## Assignment
The material beneath this line should be printed exactly, with its pictures omitted.

## Given entries

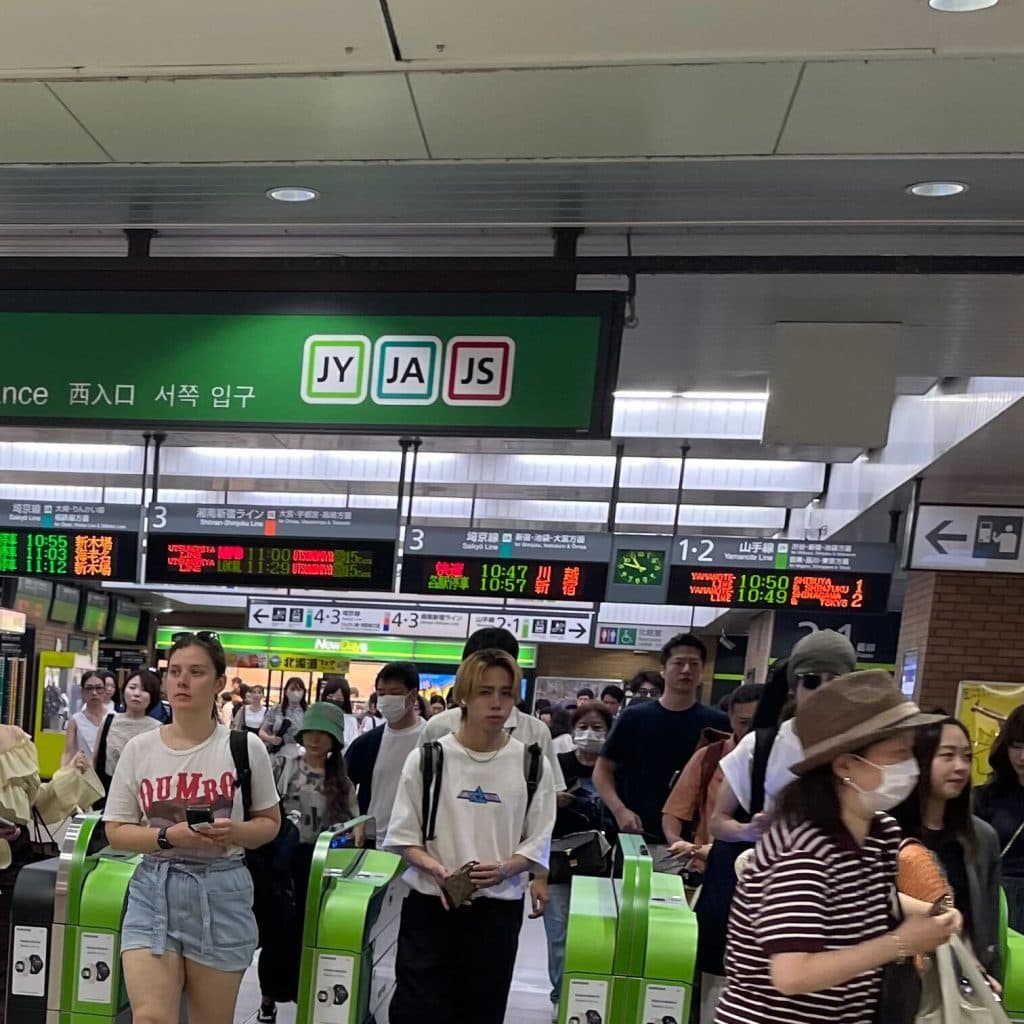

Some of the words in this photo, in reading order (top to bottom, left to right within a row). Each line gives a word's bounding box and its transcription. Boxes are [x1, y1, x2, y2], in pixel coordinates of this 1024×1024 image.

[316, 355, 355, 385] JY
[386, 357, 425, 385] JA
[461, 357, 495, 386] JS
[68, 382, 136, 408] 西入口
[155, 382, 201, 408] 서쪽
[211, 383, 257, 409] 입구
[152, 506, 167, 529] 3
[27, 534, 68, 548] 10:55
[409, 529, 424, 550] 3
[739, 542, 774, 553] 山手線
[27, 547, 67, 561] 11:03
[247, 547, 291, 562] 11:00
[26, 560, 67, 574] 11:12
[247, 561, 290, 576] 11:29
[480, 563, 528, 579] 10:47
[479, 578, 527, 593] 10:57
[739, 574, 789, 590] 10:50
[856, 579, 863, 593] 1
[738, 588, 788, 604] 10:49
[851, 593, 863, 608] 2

## Answer section
Some of the words in this photo, in reading order (top to bottom, left to right within a row). Each line gives a word's bounding box and its transcription. Boxes are [x1, y1, x2, y2], in pixel coordinates of this 1024×1024 image.

[316, 355, 355, 385] JY
[386, 357, 425, 385] JA
[461, 357, 495, 386] JS
[68, 382, 136, 408] 西入口
[155, 382, 201, 408] 서쪽
[211, 383, 257, 409] 입구
[152, 506, 167, 529] 3
[27, 534, 68, 548] 10:55
[409, 529, 424, 550] 3
[739, 542, 774, 553] 山手線
[27, 547, 67, 561] 11:03
[247, 547, 291, 562] 11:00
[26, 560, 67, 574] 11:12
[247, 561, 290, 576] 11:29
[480, 563, 528, 579] 10:47
[479, 578, 527, 593] 10:57
[739, 574, 789, 590] 10:50
[856, 579, 863, 593] 1
[738, 588, 788, 604] 10:49
[851, 593, 863, 608] 2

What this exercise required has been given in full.